SUSAN SONTAG: Stand Aside, Sisyphus
The strangest pitch that anyone threw this summer in Bull Durham was a curve ball that Kevin Costner delivered to Susan Sarandon. In the midst of a romantic face-off, he announced that "the novels of Susan Sontag are self- indulgent, overrated crap." Sarandon was so surprised -- Who was talking literature? -- that it took a few scenes before she hit the pitch back: "I think Susan Sontag is brilliant!" So there. Alerted by friends to this great debate, the flesh-and-blood Sontag left Bull Durham off her must-see list. She well remembered watching a French-Canadian film, The Decline of the American Empire, a few years ago. In that one, a plump Casanova confides that the woman he most wants to sleep with is . . . Susan Sontag. Out in the audience, the startled woman of his dreams grimaced. "It was like somebody threw a spitball at me in the theater."
If Sontag's name finds its way into some unlikely exchanges, it may be a sign that intellect is not just a target but a magnet, a fascination even in a culture more preoccupied with stadium bruisers and nymphets. At 55, she has been one of the most visible intellectual figures in American life for more than two decades. In two novels, a collection of short stories and five volumes of essays, Sontag has come to symbolize the writer and thinker in many variations: as analyst, rhapsodist and roving eye, as public scold and portable conscience.
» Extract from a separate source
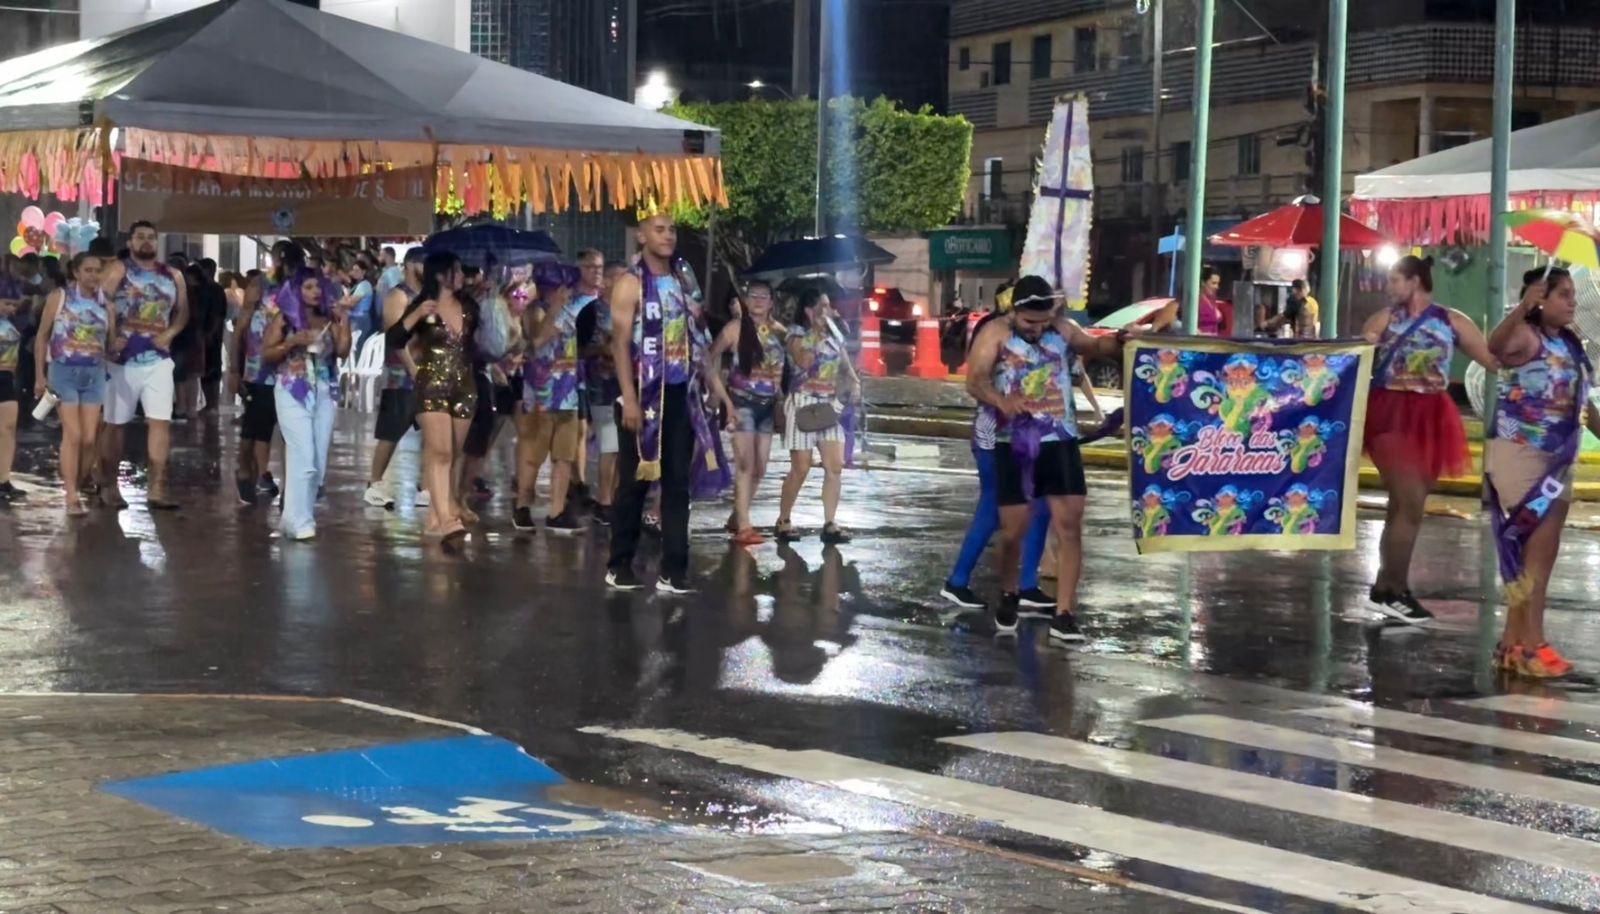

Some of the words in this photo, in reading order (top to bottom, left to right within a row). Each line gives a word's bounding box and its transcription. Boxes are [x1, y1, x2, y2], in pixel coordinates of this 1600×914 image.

[642, 301, 662, 379] REI
[1197, 425, 1244, 450] Bloco
[1249, 425, 1278, 449] das
[1167, 447, 1288, 482] Jararacas
In private, she can be funny and informal, tilting her head sideways when she laughs, so that the band of gray in her hair fans out like a comet's tail. But on the page, she emanates an implacable gravity, a command of literature and philosophy that leaves one riveted, if also a bit self-reproachful. While you were flipping channels, it seems, she was laboring under the burden of consciousness. While you were rooting for the Dodgers, she was sifting through Artaud. "Reading is my television," she once said. For most people, it's the other way around.
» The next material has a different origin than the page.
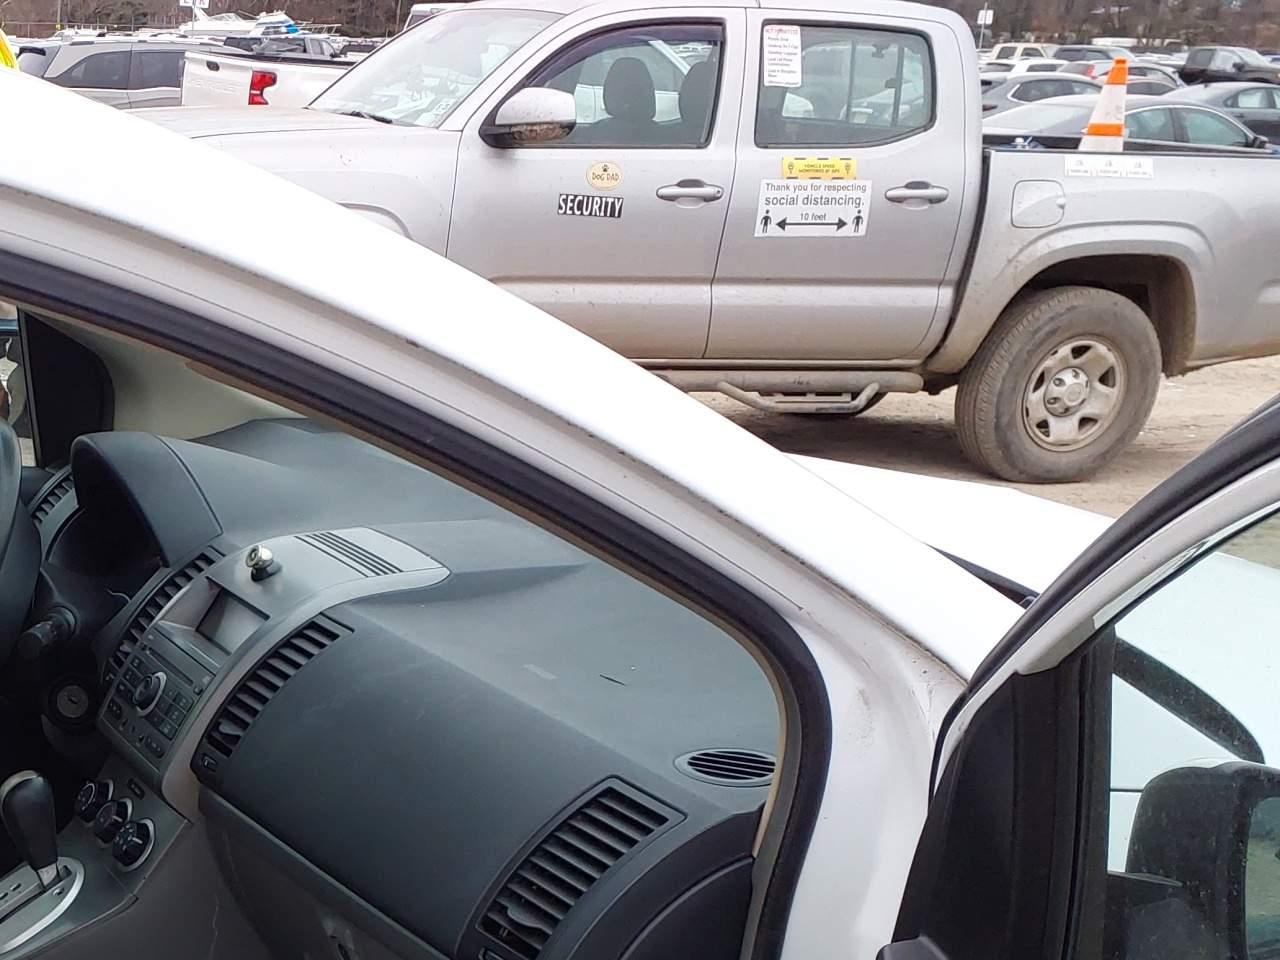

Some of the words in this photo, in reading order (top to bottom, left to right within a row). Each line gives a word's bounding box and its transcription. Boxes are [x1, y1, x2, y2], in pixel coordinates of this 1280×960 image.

Sontag doesn't own a TV, though she did rent one last month to please a houseguest. (Regarding it with the look of a bird that has found a meteor plunked in her nest, she shrugs, "I haven't turned it on yet.") She also has no phone-answering machine, no word processor and, in most of her two-bedroom New York City duplex, no air conditioning. The coolest spot in the place is likely to be the sun-room that opens onto a small terrace. That was where she spent much of the past summer, with its Egyptian heat and rain-forest humidity, penning in revisions on the typed manuscript of her first entirely new book in a decade.
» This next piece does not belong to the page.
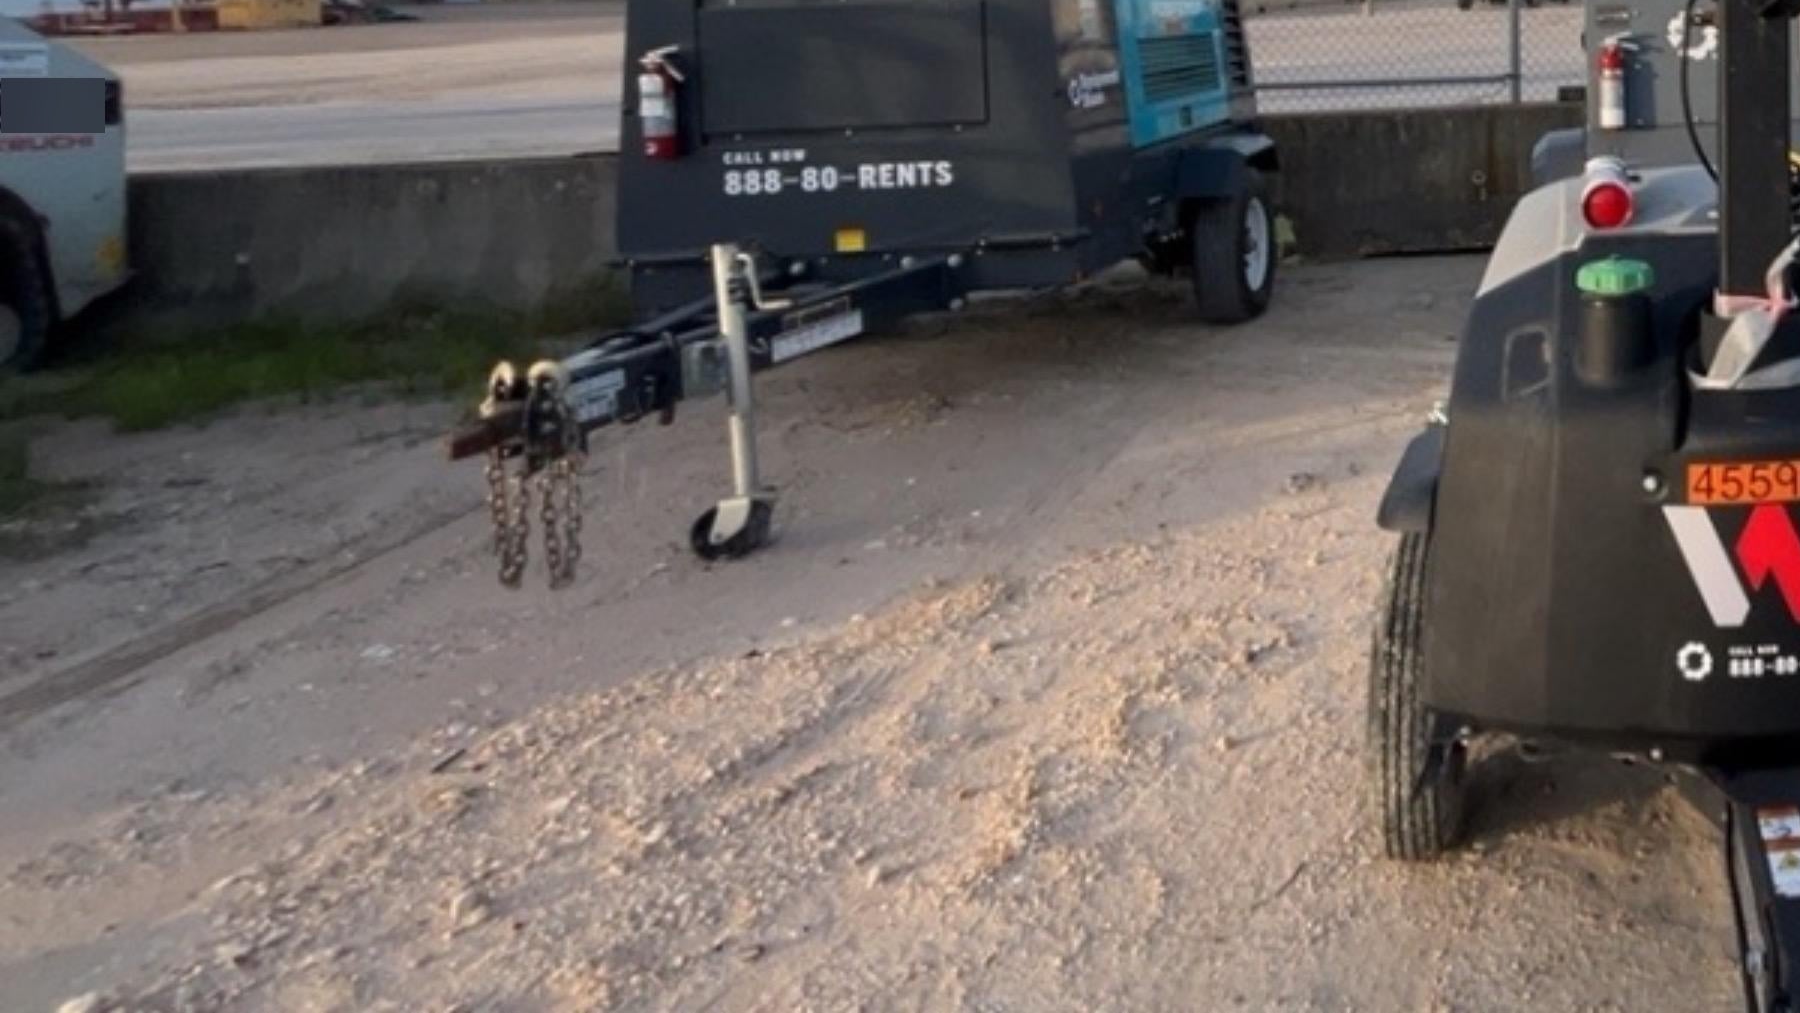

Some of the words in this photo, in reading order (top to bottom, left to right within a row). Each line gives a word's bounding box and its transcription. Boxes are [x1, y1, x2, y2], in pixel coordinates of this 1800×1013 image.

[723, 151, 763, 165] CALL
[769, 148, 807, 162] NOW
[724, 160, 953, 195] 888-80-RENTS
AIDS and Its Metaphors, which Farrar, Straus & Giroux will publish in January, examines the way the epidemic is thought about and discussed. She conceived it as a sequel to Illness As Metaphor, the 1978 work that emerged from her experience with breast cancer, a mastectomy and years of chemotherapy. The earlier book, by tracing myths that had attached themselves to tuberculosis and cancer, brilliantly discredited notions -- like that of the pent-up, "cancer-prone" personality -- that add senseless guilt and shame to the burdens patients already carry. "But it's much more common now for people to be candid about cancer," she says "because there's a new disease to hang all your fantasies and phobias on -- AIDS."